Ding made no specific recommendations but urged a lesser term of probation and jail time.

But Klaus said the events that led to Brandon's death were not a tragic accident.

"Mr. Duncan set out on a course of events which caused this to happen. It's beyond negligence," Klaus said.

"I would give him probation if I thought it would help," said Klaus, who noted that Duncan had ignored prior court orders in traffic cases by not paying fines and continued to drive without insurance.

Court records showed that Duncan had a prior criminal conviction from Cook County in 2001 for possession of a controlled substance and other traffic convictions for speeding, driving with expired registration and operating an uninsured vehicle. He also has two unresolved cases for possession of a controlled substance and illegal transportation of alcohol, both of which occurred before he hit Brandon Siuts.

Whether or not Duncan will serve the entire 364 days or be able to earn good time is the subject of a July 20 hearing before Klaus. Ding requested time to research the issue.

Mother describes impact of son's death

Glynis Barker, the mother of the late Brandon Siuts, had never given such a difficult speech. In court Wednesday, she faced the man who hit her 8-year-old son, killing him, and told him what she thought.

Reading for several minutes from a prepared statement, Barker, the mother of two older daughters, said through choked sobs that her son was a happy boy who knew he was loved.

Most of the more than 100 friends and family of Barker who had packed the courtroom cried audibly as she read.

Even McKinley Duncan, the defendant, cried and repeatedly said "I'm sorry" as she struggled to get out her thoughts.

"McKinley Duncan ... your negligent actions changed my life forever. I am now a mother who has had her only son taken away from her. I am now a mother who was stripped of someone to love, care for and teach. I am someone different now – once young at heart, I now feel old from grief and sorrow."
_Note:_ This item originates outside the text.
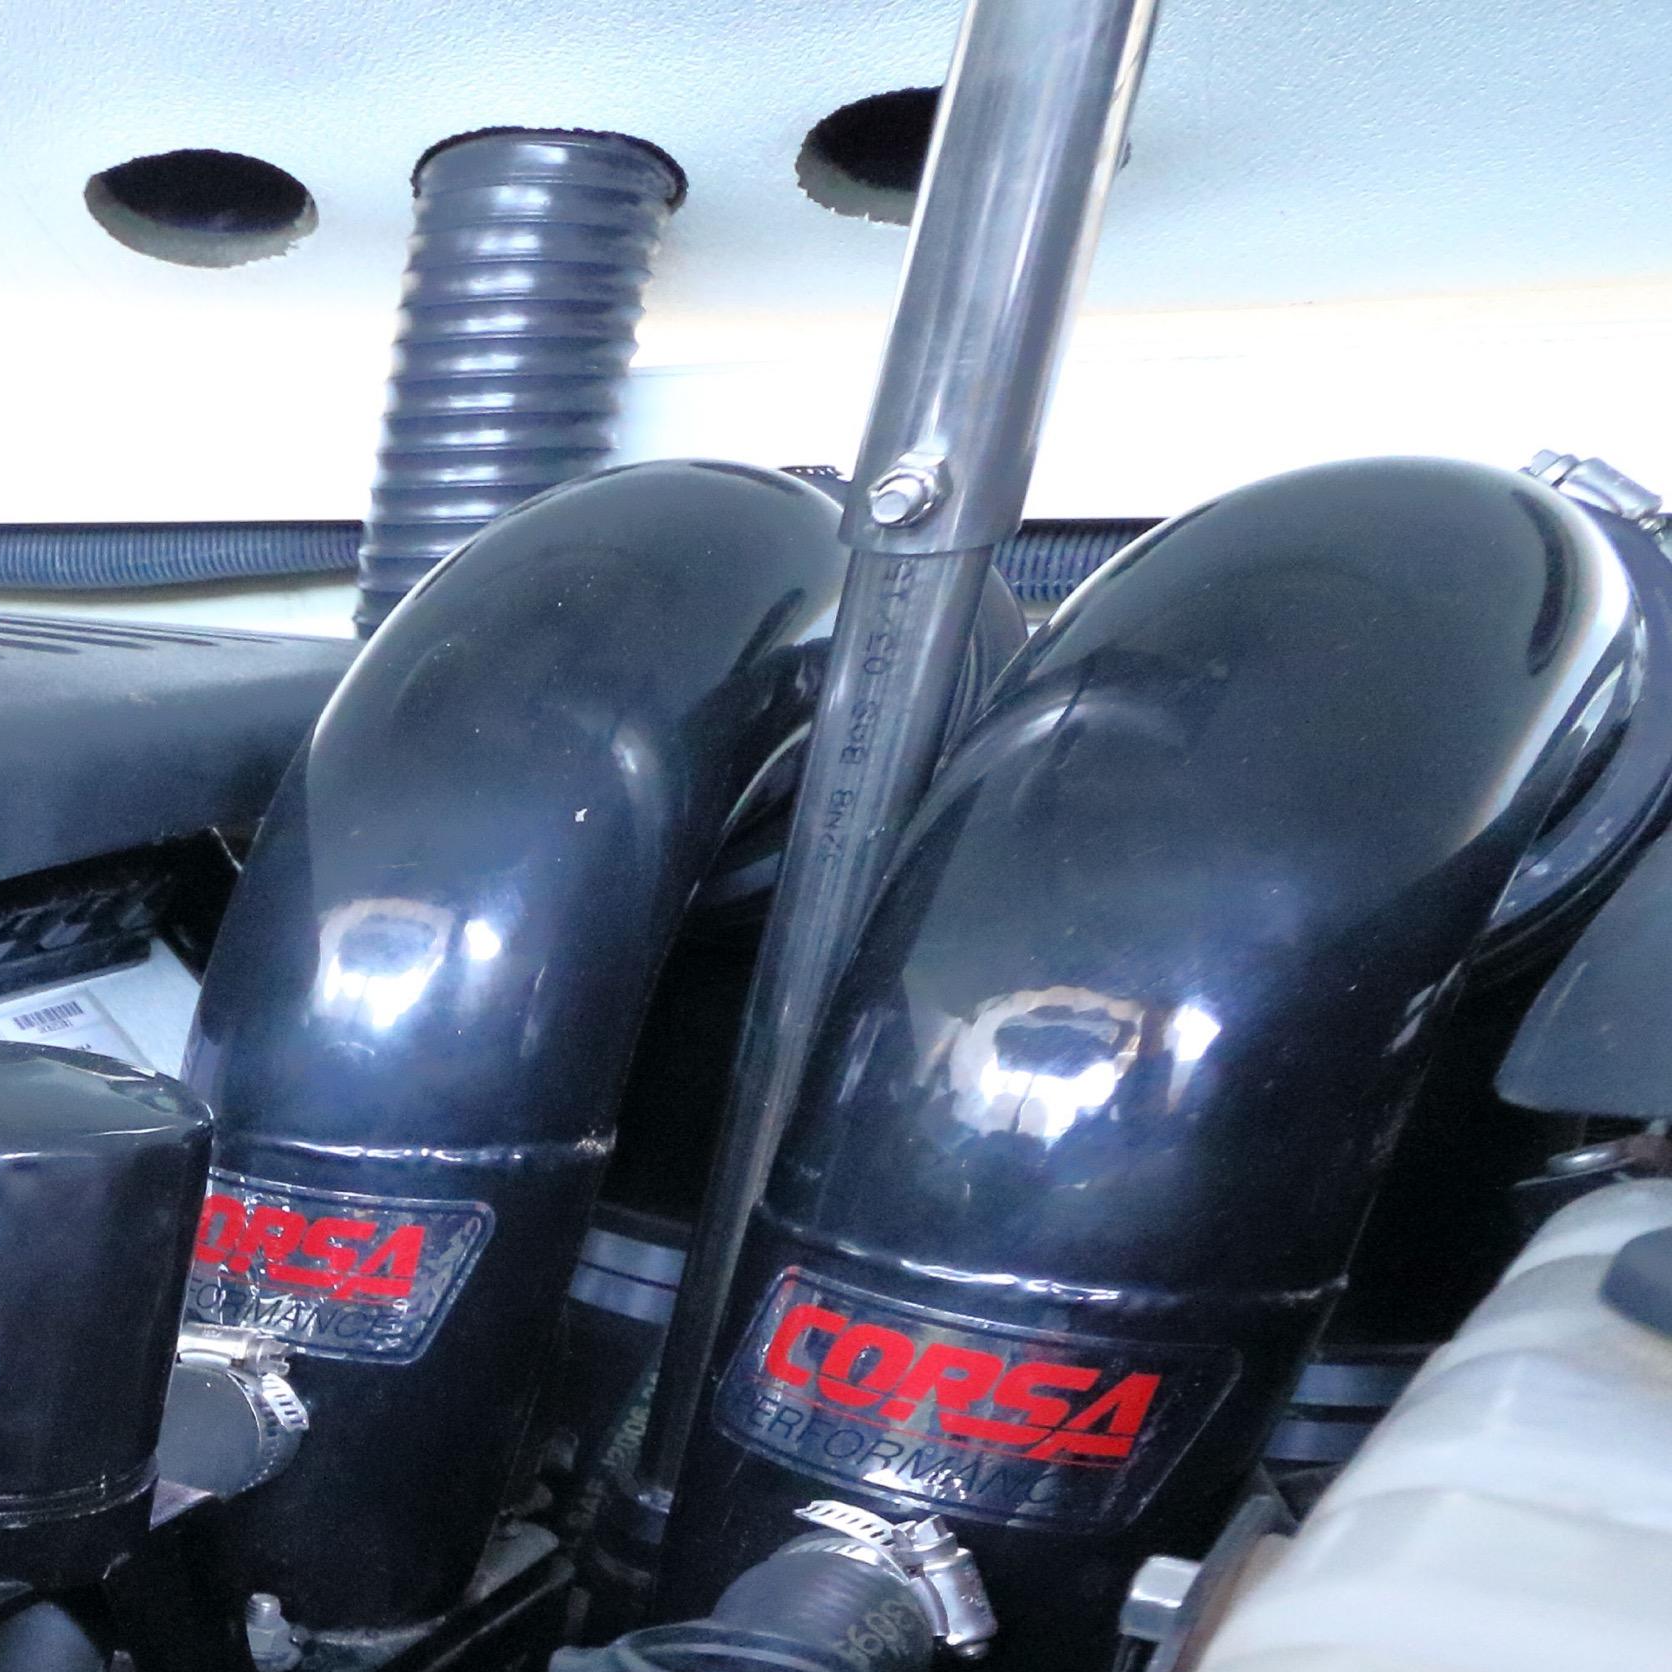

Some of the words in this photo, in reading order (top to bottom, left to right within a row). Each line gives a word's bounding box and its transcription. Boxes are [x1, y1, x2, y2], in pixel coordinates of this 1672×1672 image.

[194, 1193, 426, 1300] ORSA
[189, 1277, 406, 1340] ORMANCE
[765, 1304, 1162, 1460] CORSA
Barker then went on to tell Duncan how lucky he was that his blood alcohol level was low enough that he didn't get ticketed for driving under the influence, that the police couldn't say how fast he was going because there were no skid marks, and that he returned to the scene fast enough to receive a ticket for failing to render aid, a misdemeanor and not a felony.
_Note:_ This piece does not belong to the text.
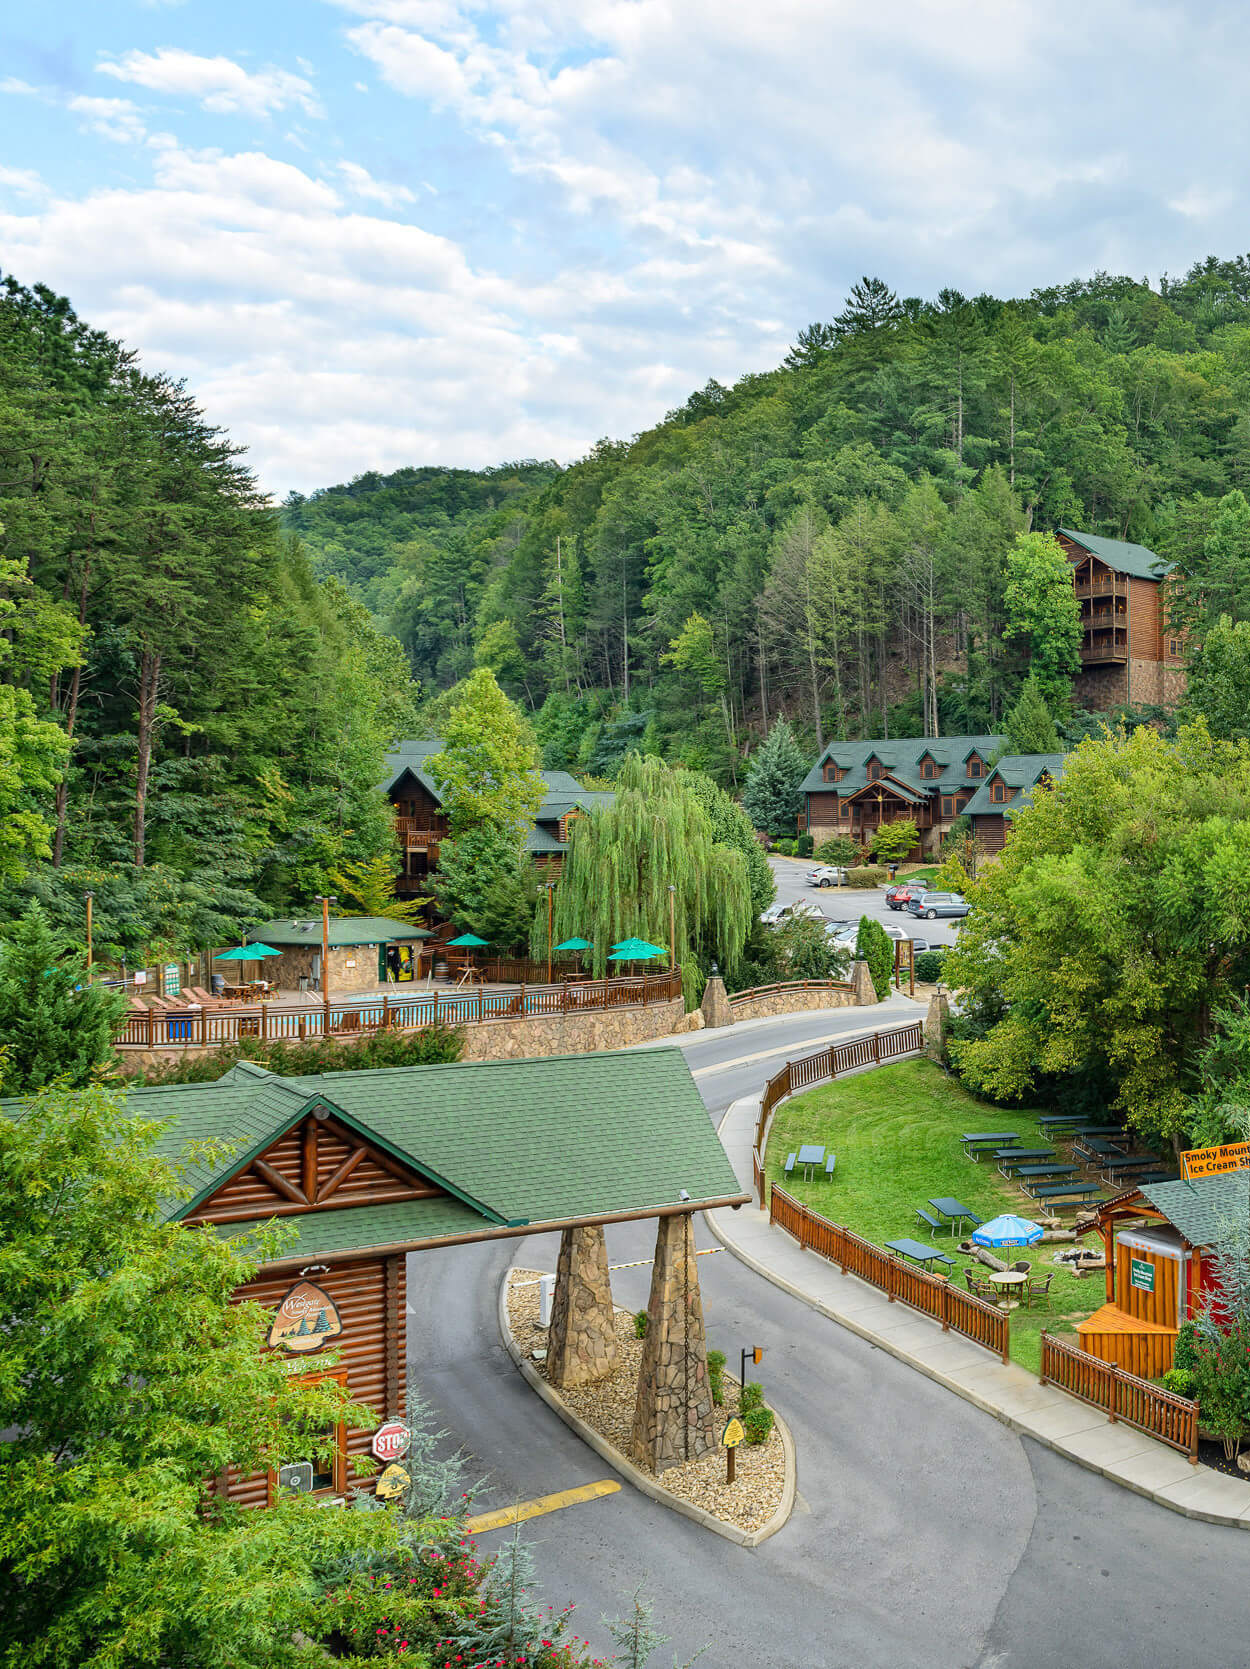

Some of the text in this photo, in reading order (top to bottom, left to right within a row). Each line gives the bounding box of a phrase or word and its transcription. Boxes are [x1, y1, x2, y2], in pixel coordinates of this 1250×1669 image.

"My son Brandon, however, was not so lucky," she said, recounting in graphic detail the fatal injuries he sustained.

"He died less than 25 hours later. And I was forced to do things no mother should have to do."
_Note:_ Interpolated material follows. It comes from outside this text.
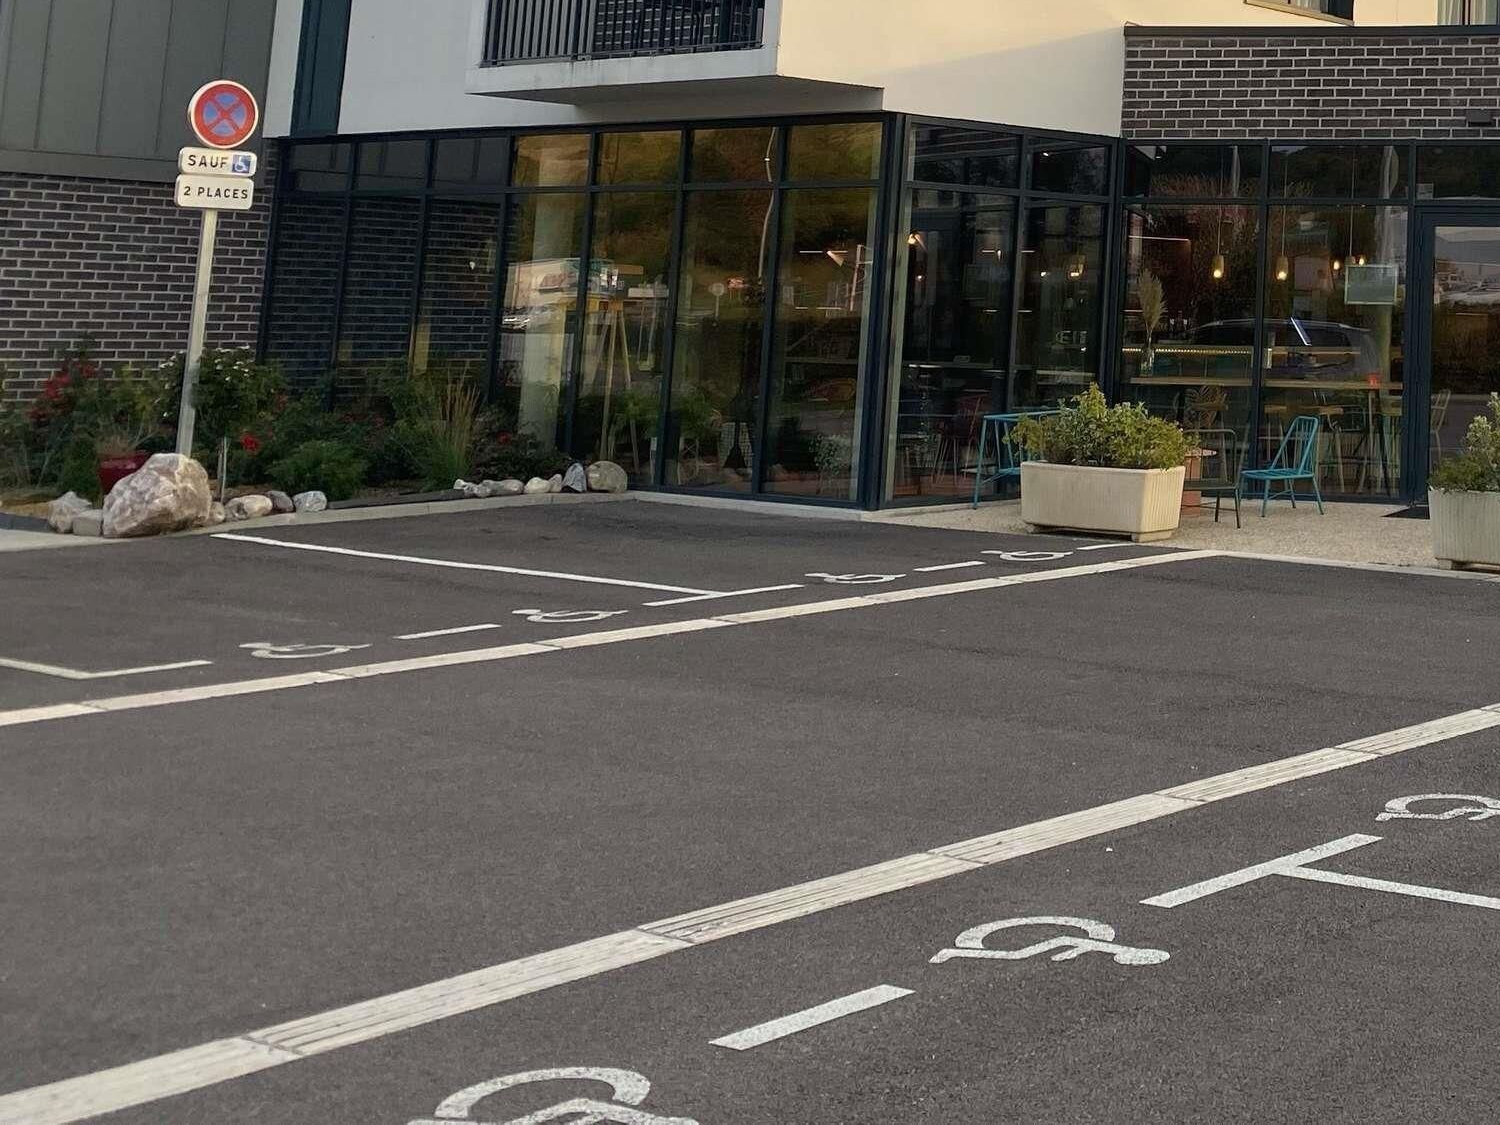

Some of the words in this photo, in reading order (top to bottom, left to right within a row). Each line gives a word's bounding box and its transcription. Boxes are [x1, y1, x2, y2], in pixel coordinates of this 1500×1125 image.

[187, 154, 228, 169] SAUF
[183, 186, 191, 196] 2
[197, 187, 248, 200] PLACES
"McKinley Duncan, because of your negligent actions, I was forced to ask my two daughters to say goodbye to their 8-year-old brother before he died. I was forced to make a decision to donate his organs. I was forced to tell my parents that their grandson was dead. I was forced to go to a cemetery and pick out a burial plot, forced to go to a funeral home and buy a casket to fit my little boy in. I was forced to go home and pack up my little boy's clothes and toys, forced to sit alone and try to remember the sound of his voice. I was forced to deal with a huge amount of bills from the ambulance, emergency room, hospital and funeral, a total of almost $50,000.

"Then I was forced to have to deal with you. After discovering your lengthy record of driving infractions, I was forced to step up and make sure that my little boy's death did not go unanswered. I was forced to read through the police reports and find out that out of the four people in your vehicle, only one asked about my son. That one wasn't you. You only asked about your car and if you could get your iPod out of it because you needed your music. Well, I need my son. But because of you, I do not have him any longer."

After the hearing, Barker said her son's heart valves and eyes were taken for transplant and she knows that his eyes were donated to another child.

"It makes us comforted to know his beautiful brown eyes are helping someone else," she said.